- DATASET ENTRIES:
######
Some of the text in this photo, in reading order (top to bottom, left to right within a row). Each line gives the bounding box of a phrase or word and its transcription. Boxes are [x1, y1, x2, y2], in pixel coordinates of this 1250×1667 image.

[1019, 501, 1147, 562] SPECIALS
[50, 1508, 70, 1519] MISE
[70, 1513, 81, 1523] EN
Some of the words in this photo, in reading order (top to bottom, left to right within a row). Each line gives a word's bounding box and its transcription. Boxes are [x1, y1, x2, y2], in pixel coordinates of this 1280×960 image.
######
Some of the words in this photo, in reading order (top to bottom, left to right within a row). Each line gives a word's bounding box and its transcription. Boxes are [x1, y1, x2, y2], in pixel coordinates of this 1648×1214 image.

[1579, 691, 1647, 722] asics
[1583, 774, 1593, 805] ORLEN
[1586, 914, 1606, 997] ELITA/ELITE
######
- TASK GOAL:
For the lines above, output exactly those from the line containing "Some of the text" through the line containing "this 1280×960 image.", and skip the others.

- ANSWER BOX:
Some of the text in this photo, in reading order (top to bottom, left to right within a row). Each line gives the bounding box of a phrase or word and its transcription. Boxes are [x1, y1, x2, y2], in pixel coordinates of this 1250×1667 image.

[1019, 501, 1147, 562] SPECIALS
[50, 1508, 70, 1519] MISE
[70, 1513, 81, 1523] EN
Some of the words in this photo, in reading order (top to bottom, left to right within a row). Each line gives a word's bounding box and its transcription. Boxes are [x1, y1, x2, y2], in pixel coordinates of this 1280×960 image.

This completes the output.